_Your objective_
Copy without pictures. Please restate each line of the listing exactly.
***** Source material *****
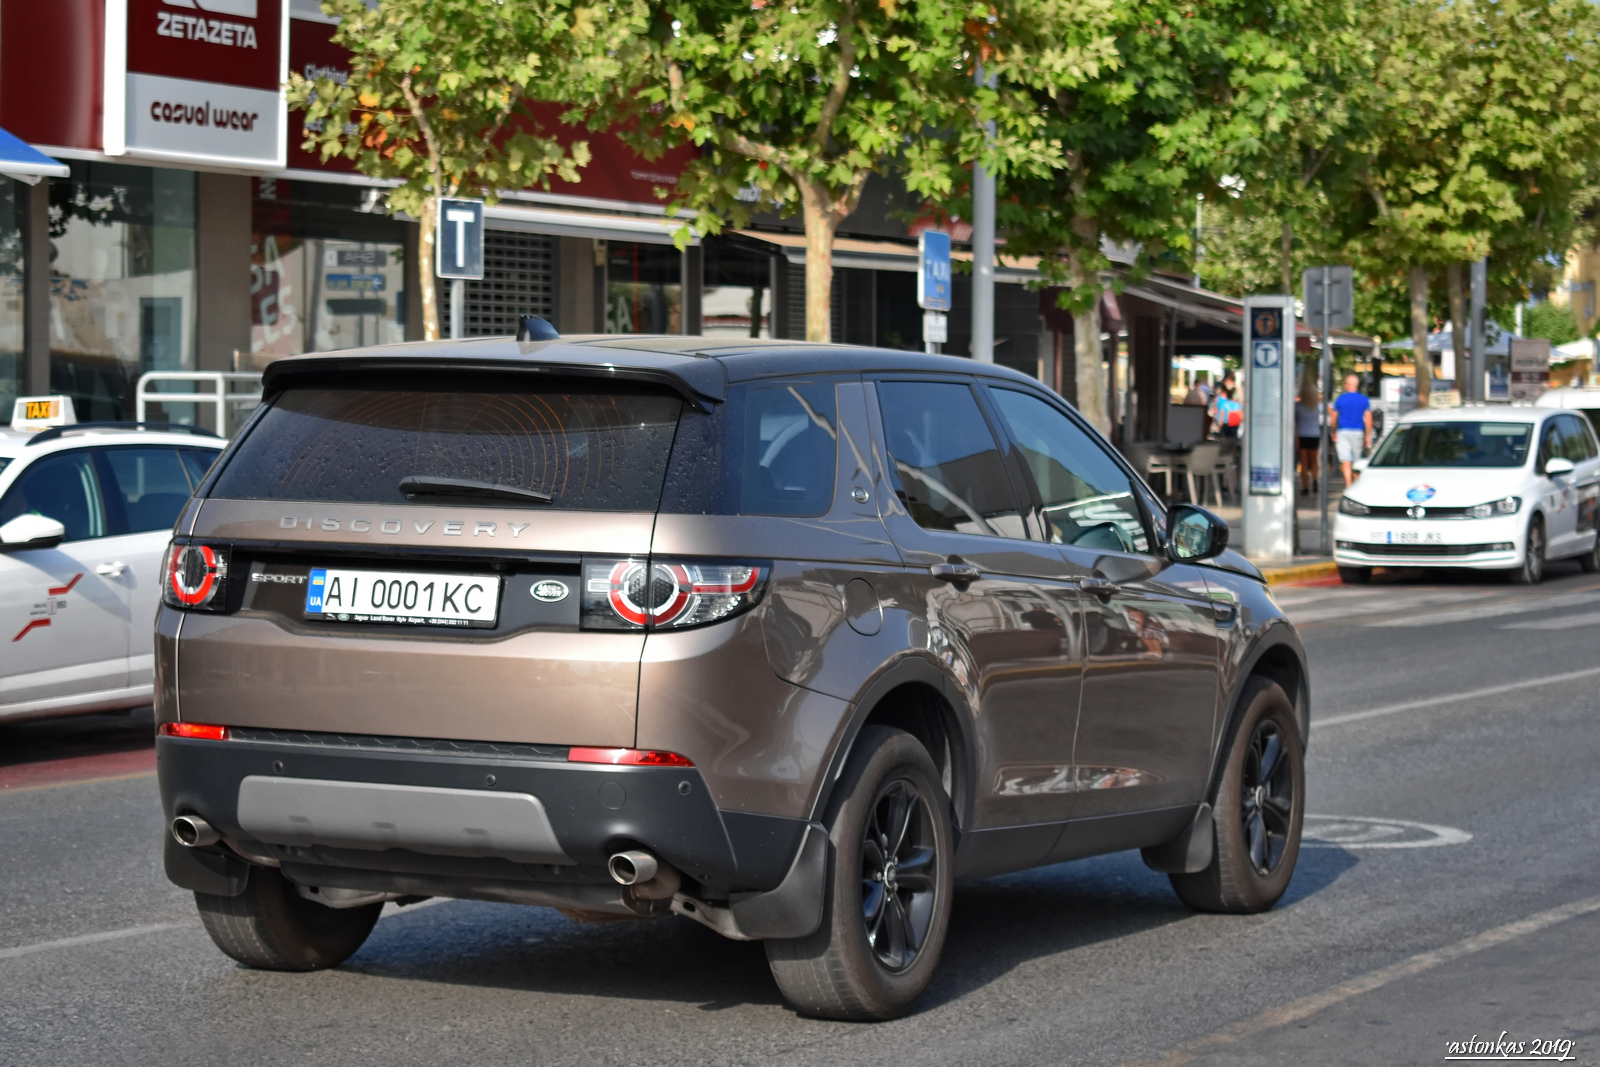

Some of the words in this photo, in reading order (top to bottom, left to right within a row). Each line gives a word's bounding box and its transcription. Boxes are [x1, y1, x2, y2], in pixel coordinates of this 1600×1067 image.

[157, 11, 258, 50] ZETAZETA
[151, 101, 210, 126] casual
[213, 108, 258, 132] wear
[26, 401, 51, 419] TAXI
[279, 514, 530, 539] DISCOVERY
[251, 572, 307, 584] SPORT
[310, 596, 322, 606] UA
*****
_Task result_
Some of the words in this photo, in reading order (top to bottom, left to right within a row). Each line gives a word's bounding box and its transcription. Boxes are [x1, y1, x2, y2], in pixel coordinates of this 1600×1067 image.

[157, 11, 258, 50] ZETAZETA
[151, 101, 210, 126] casual
[213, 108, 258, 132] wear
[26, 401, 51, 419] TAXI
[279, 514, 530, 539] DISCOVERY
[251, 572, 307, 584] SPORT
[310, 596, 322, 606] UA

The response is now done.